RECORDS FOR THE EXERCISE Start Marker
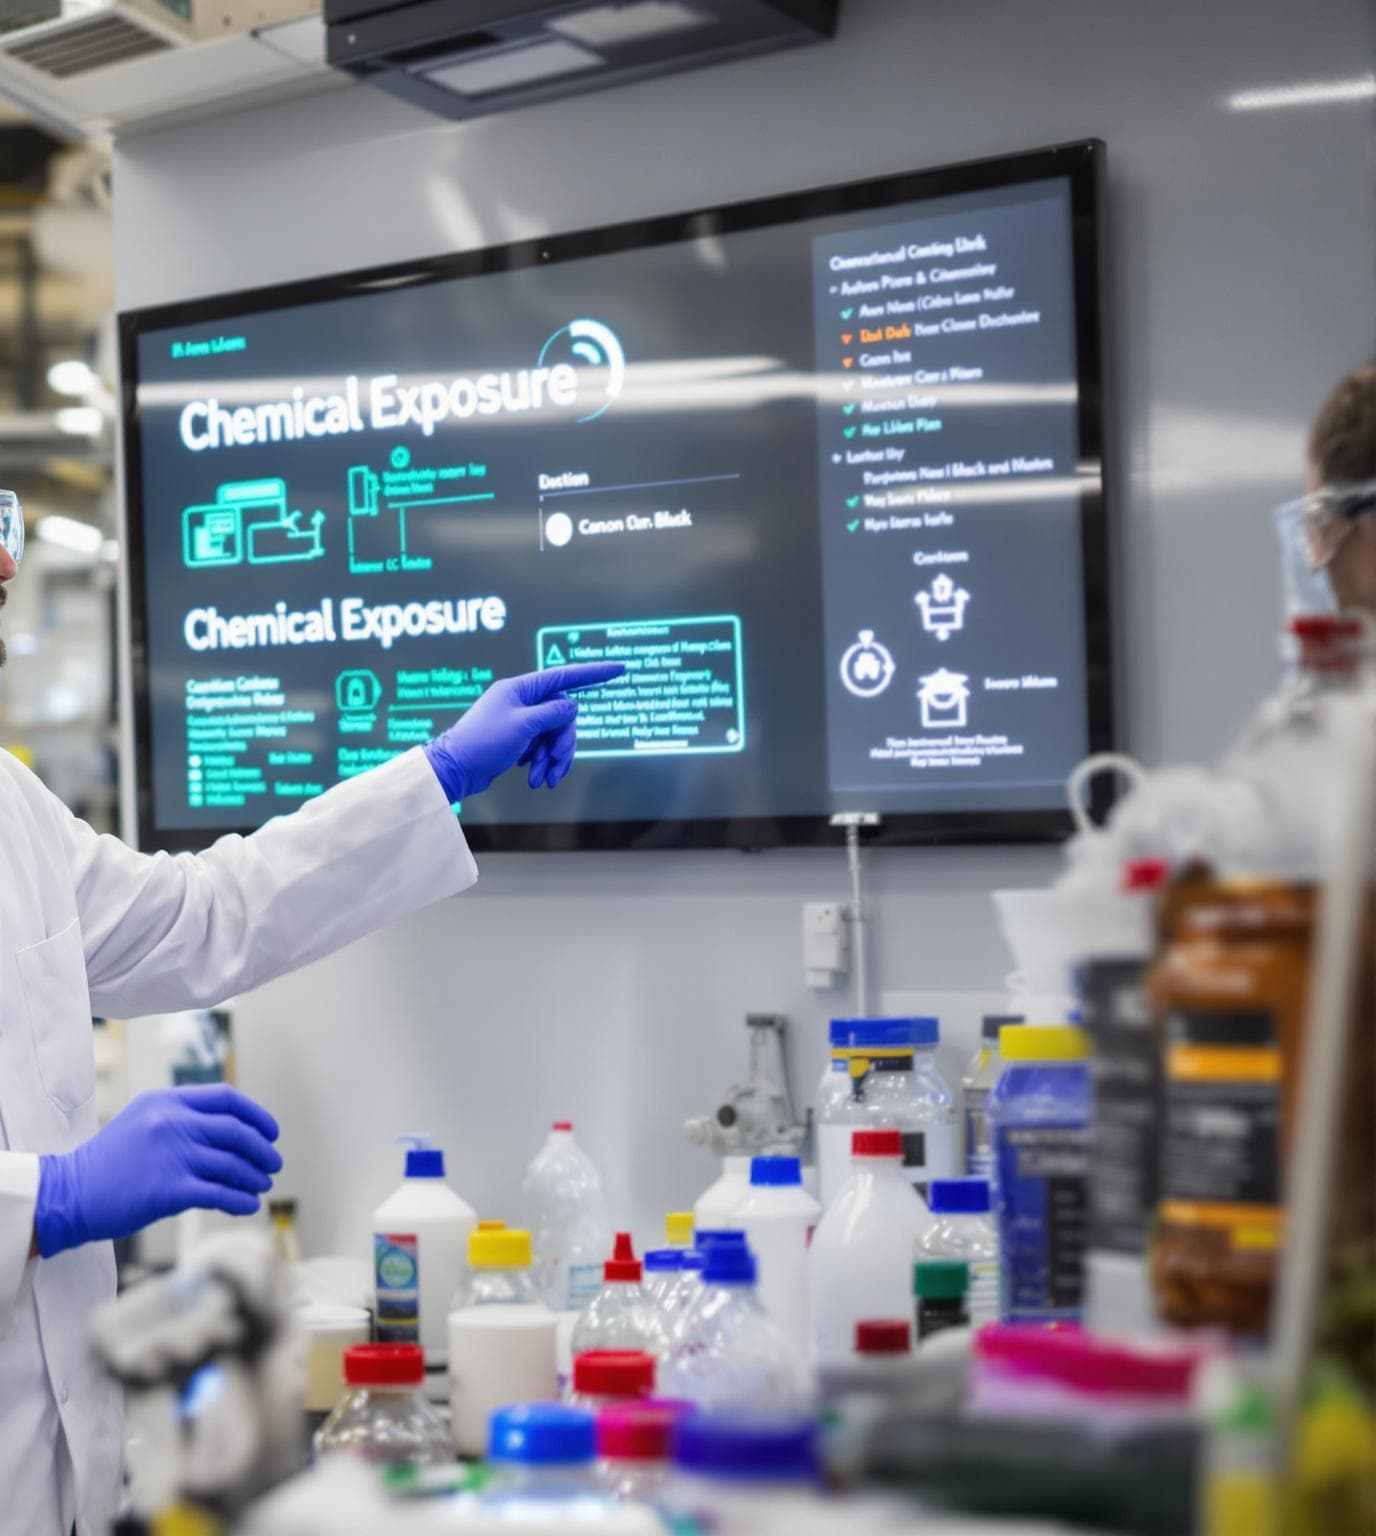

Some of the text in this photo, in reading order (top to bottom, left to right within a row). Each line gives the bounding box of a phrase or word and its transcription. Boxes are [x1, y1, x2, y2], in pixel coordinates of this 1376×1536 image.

[180, 362, 578, 451] Chemical Exposure
[184, 595, 507, 651] Chemical Exposure
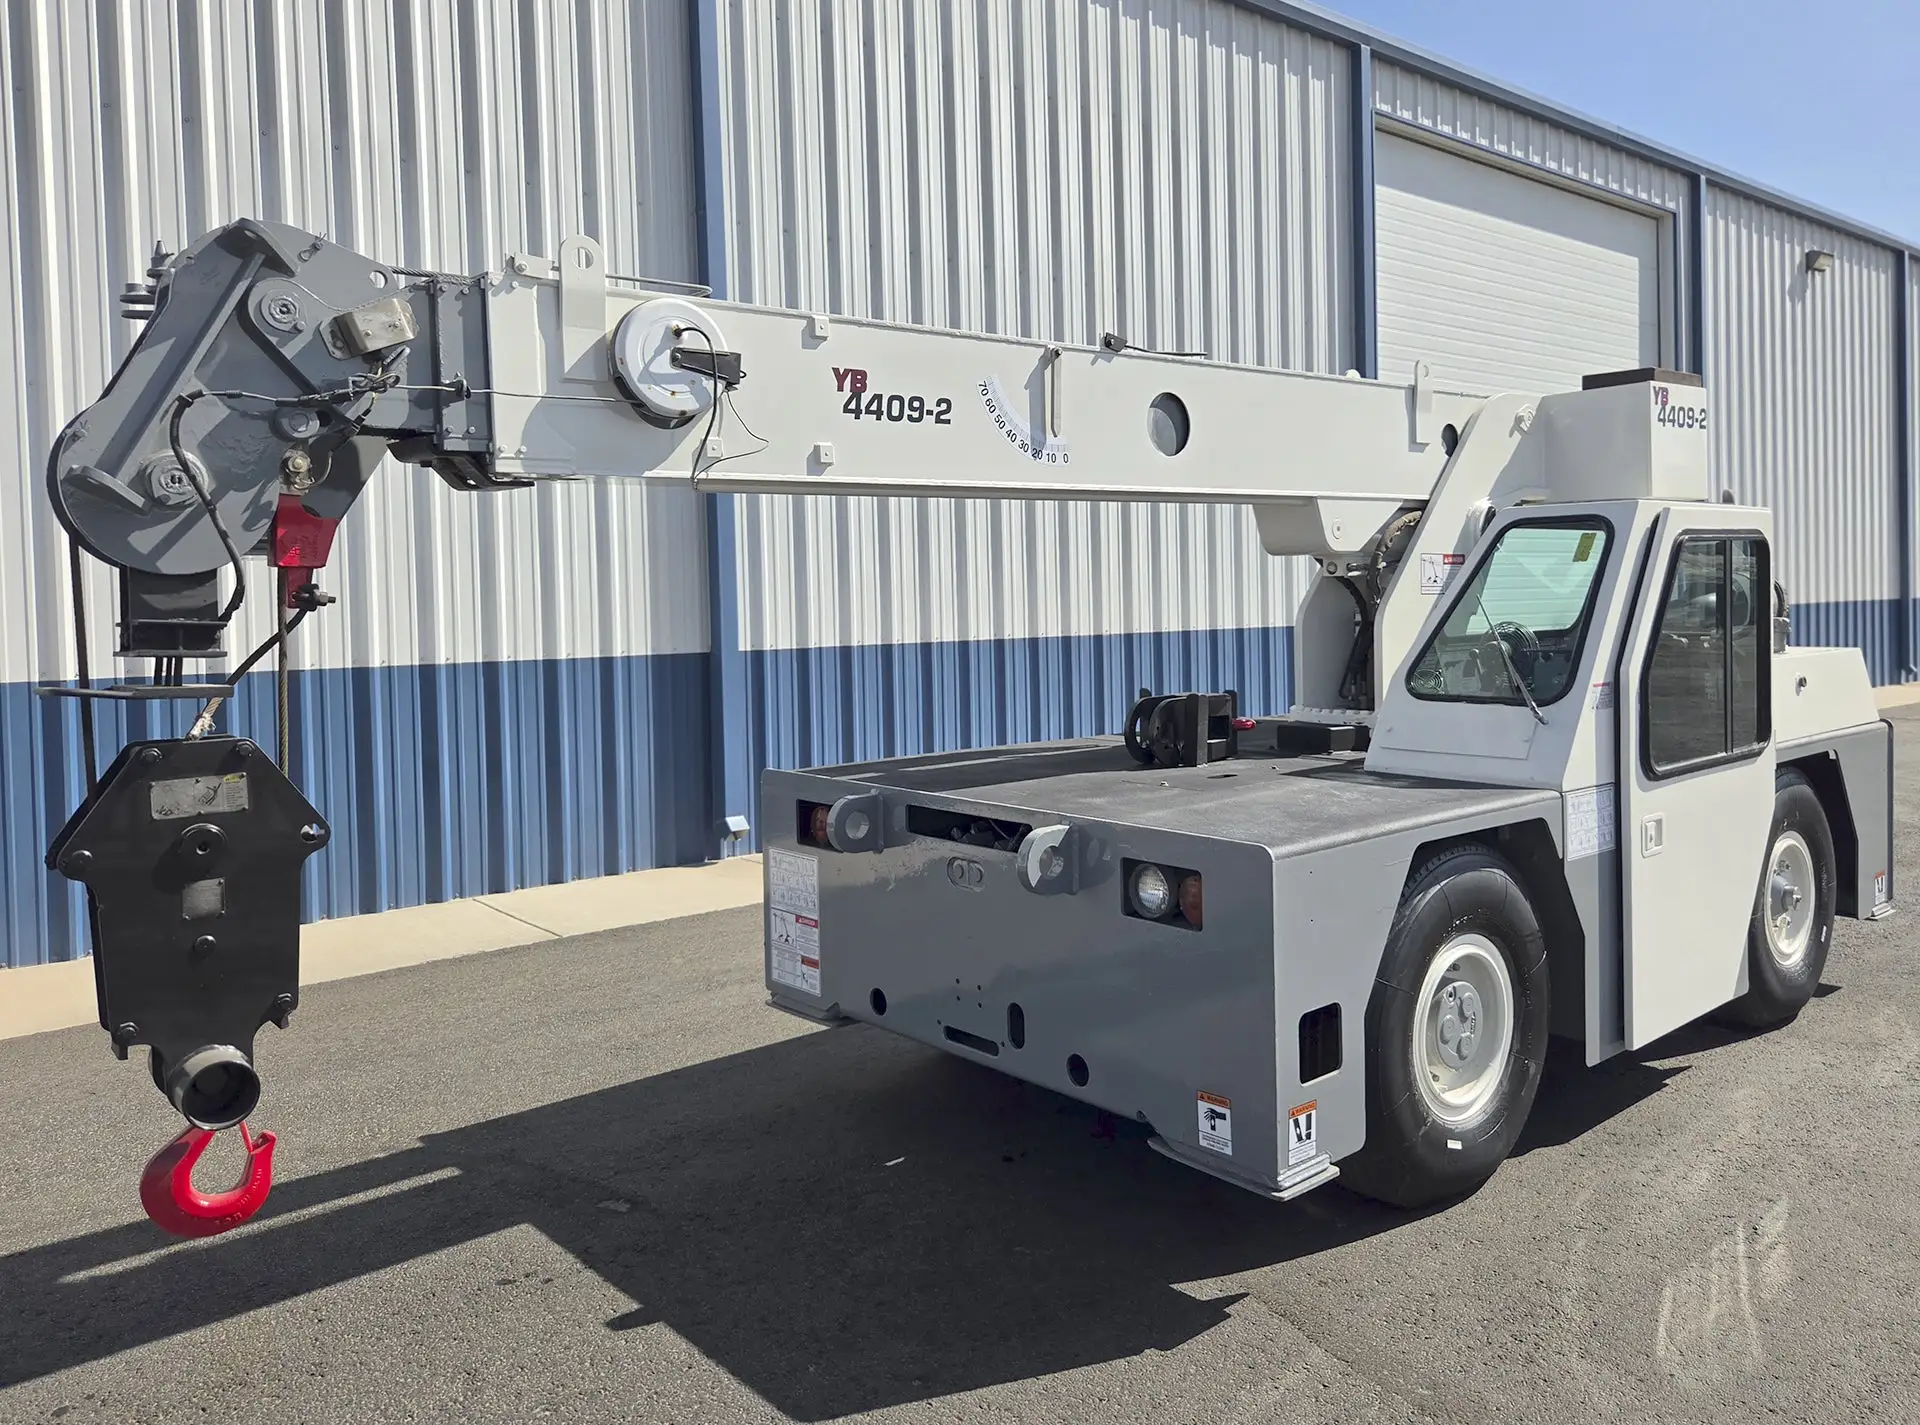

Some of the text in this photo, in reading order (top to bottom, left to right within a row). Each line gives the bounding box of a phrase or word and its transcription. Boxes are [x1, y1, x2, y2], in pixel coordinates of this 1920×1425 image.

[831, 367, 868, 393] YB
[842, 392, 953, 424] 4409-2
[1652, 385, 1669, 406] YB
[978, 380, 1069, 464] 70 60 50 40 30 20 10 0
[1657, 405, 1707, 430] 4409-2
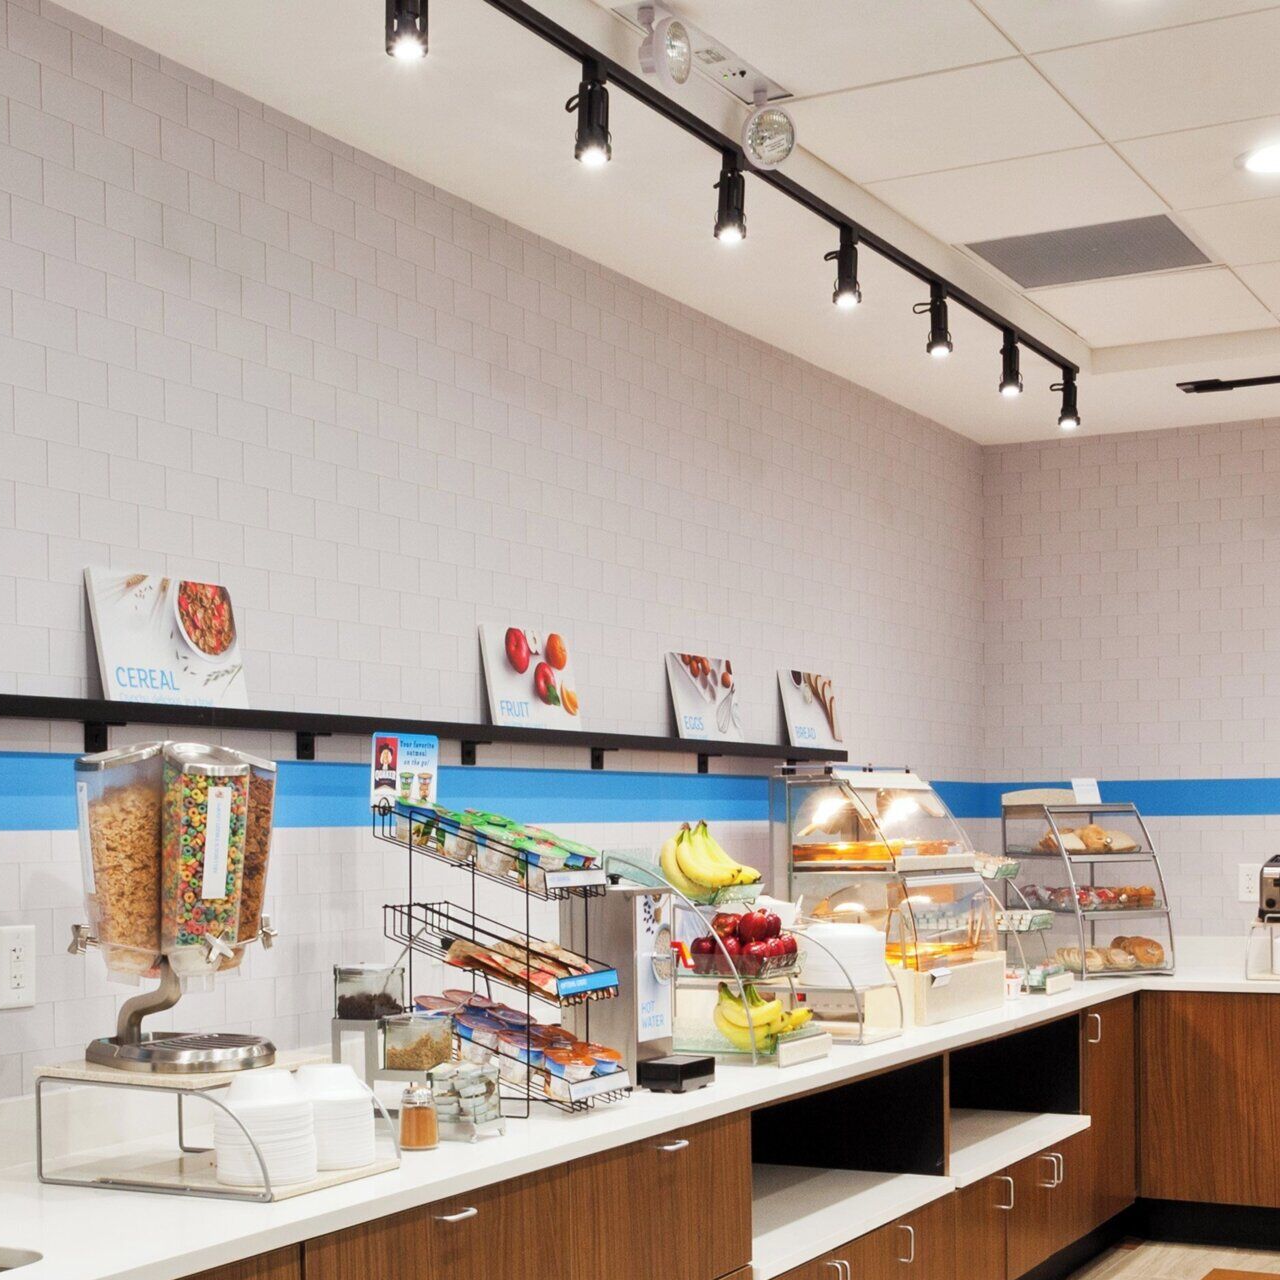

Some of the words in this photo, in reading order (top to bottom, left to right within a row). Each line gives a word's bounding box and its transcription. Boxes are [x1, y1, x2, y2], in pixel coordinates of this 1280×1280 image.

[115, 666, 180, 691] CEREAL
[500, 700, 529, 718] FRUIT
[683, 715, 705, 731] EGGS
[794, 725, 817, 740] BREAD
[640, 1000, 656, 1014] HOT
[641, 1014, 666, 1029] WATER
RECORDS FOR THE EXERCISE End Marker
WHAT IS BEING ASKED
Set down the entries word for word, omitting all pictures.

ANSWER SPACE
Some of the text in this photo, in reading order (top to bottom, left to right within a row). Each line gives the bounding box of a phrase or word and its transcription. Boxes are [x1, y1, x2, y2], in pixel coordinates of this 1376×1536 image.

[180, 362, 578, 451] Chemical Exposure
[184, 595, 507, 651] Chemical Exposure

Some of the text in this photo, in reading order (top to bottom, left to right within a row). Each line gives the bounding box of a phrase or word and its transcription. Boxes are [x1, y1, x2, y2], in pixel coordinates of this 1920×1425 image.

[831, 367, 868, 393] YB
[842, 392, 953, 424] 4409-2
[1652, 385, 1669, 406] YB
[978, 380, 1069, 464] 70 60 50 40 30 20 10 0
[1657, 405, 1707, 430] 4409-2

Some of the words in this photo, in reading order (top to bottom, left to right within a row). Each line gives a word's bounding box and its transcription. Boxes are [x1, y1, x2, y2], in pixel coordinates of this 1280×1280 image.

[115, 666, 180, 691] CEREAL
[500, 700, 529, 718] FRUIT
[683, 715, 705, 731] EGGS
[794, 725, 817, 740] BREAD
[640, 1000, 656, 1014] HOT
[641, 1014, 666, 1029] WATER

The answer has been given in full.